Frying meat is a whole science. Sure, you can just toss the meat in the frying pan and fry for a gut feeling, but if you want to be sure to get the meat perfectly, it needs a little more finesse than that. Here are 7 good tips for cooking the perfect roast.
1. Choose good quality meat
First and foremost, the finished dish never gets better than the quality of the food. Go to a real butcher and ask for help choosing a piece that suits your taste. Your butcher can certainly also come up with direct tips on how you should prepare the exact piece of meat that you have bought so take the opportunity to take advantage of the expert knowledge.
2. Leave the meat to room temperature
It is important that you do not put the meat refrigerator cold directly in the hot frying pan. Then the surface is easily burned while the core is still cold.
How long in advance you should remove the meat from the refrigerator depends on how thick it is. If the meat is already sliced in slices about 2 cm thick, it is sufficient to remove them 30 minutes before frying. If the meat is thicker than 2 ½ – 3 cm, you should leave it at room temperature for at least an hour before it comes into the hot frying pan.
3. Salt and pepper well
When you buy good quality meat, you often do not need to use a gentleman’s mass of spices to lift (or hide) the taste. It is usually enough with salt and pepper. In return, you should not chick with the salt and pepper mill. Salt and pepper so you can actually see the spices on the surface of the meat.
4. Select the right frying pan
When frying meat chunks, it is best to prepare the cast iron pan or a thick-bottomed frying pan to get enough heat during cooking. The high heat gives a beautiful surface to the meat – and we eat almost as much with the eyes as with the mouth.
If you are going to fry several pieces of meat, you should avoid pressing more slices into the frying pan than there really is room for. Do one or two at a time and allow the cooked to rest for the time being. They only feel good about it – more on that in point 7.

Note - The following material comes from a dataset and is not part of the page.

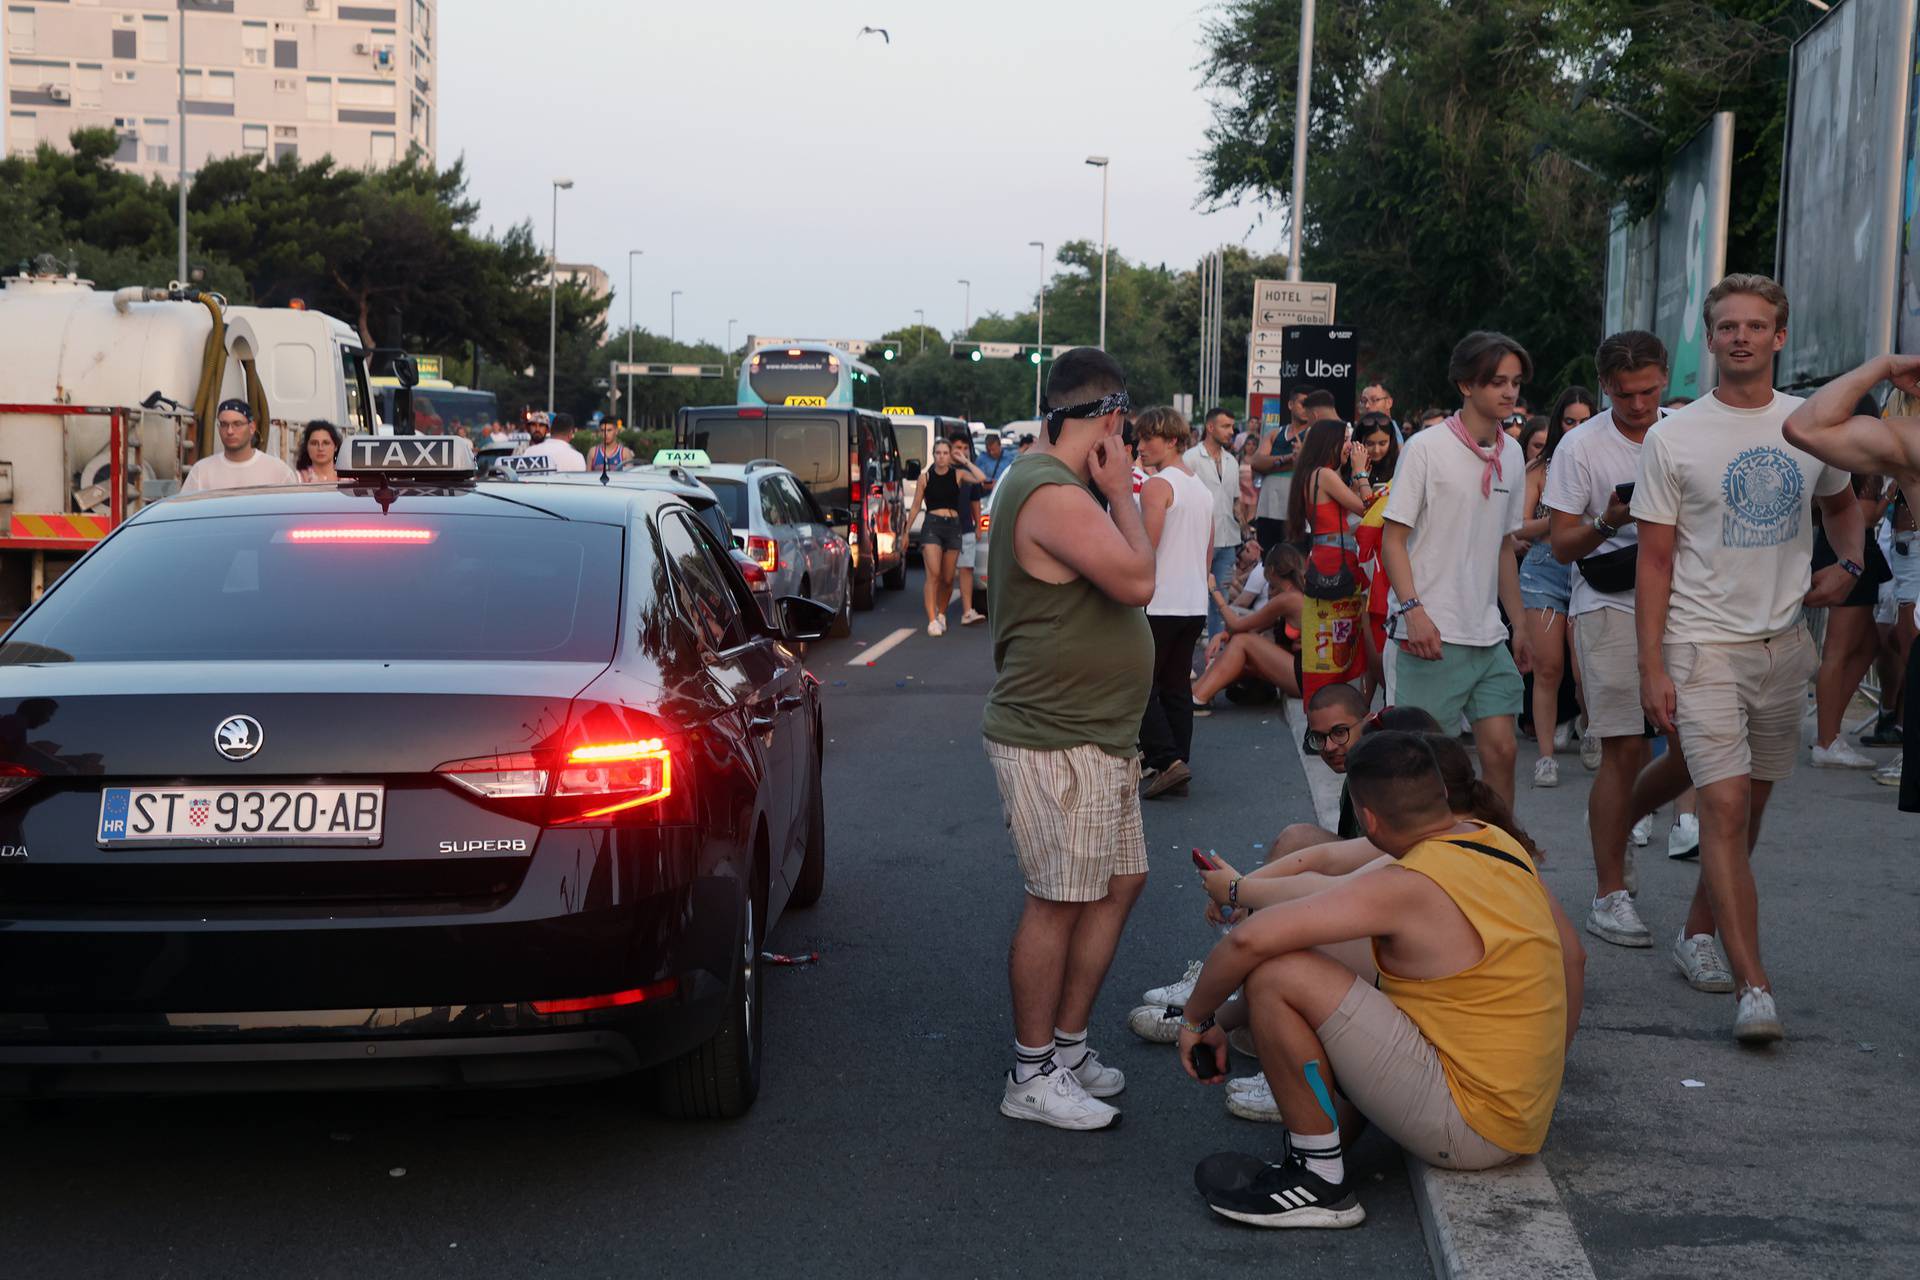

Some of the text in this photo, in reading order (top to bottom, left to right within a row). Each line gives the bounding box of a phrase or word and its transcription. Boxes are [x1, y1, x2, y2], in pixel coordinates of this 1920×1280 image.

5. Fry in both butter and oil
Heat the pan properly and add in both butter and oil. Butter closes the pores of the meat and prevents the meat juices from flowing, while the oil provides a beautiful surface and prevents the butter from burning. Roast on high with even heat – make sure the temperature does not get too high and the surface of the meat burns while the inside is still far too raw.
6. Do not fry too long
You may want to flip the steak several times to ensure the temperature is kept even. How long you really have to cook depends entirely on how thick the meat is – and how well-fried you want it. Here is a small guide as a starting point:
- For 2 cm thick roasts
- Rare: 1 ½ minutes per side
- Medium: 2 minutes per page
- Well cooked: 4 minutes per side
For 3 ½ cm thick roasts
- Rare: 2 ½ minutes per side
- Medium: 3 – 4 minutes per page
- Well-fried: 5 minutes per side
How do you know when the steak is cooked?
To know exactly when the meat is cooked, it is best to use a roasting thermometer. There are a variety of tricks on how to feel the consistency of the meat to know if it’s done without cutting it, but the safest thing is the thermometer.
Here is an approximate guide on what temperature gives which frying degree.
7. Allow the meat to rest and cut properly
When the meat is cooked, let it rest before you cut it, preferably 5 – 10 minutes so that the meat juice goes back into the fibers and the taste settles properly. When you cut the meat then try cutting across the veins in the meat. Then both taste and look better – win win simply.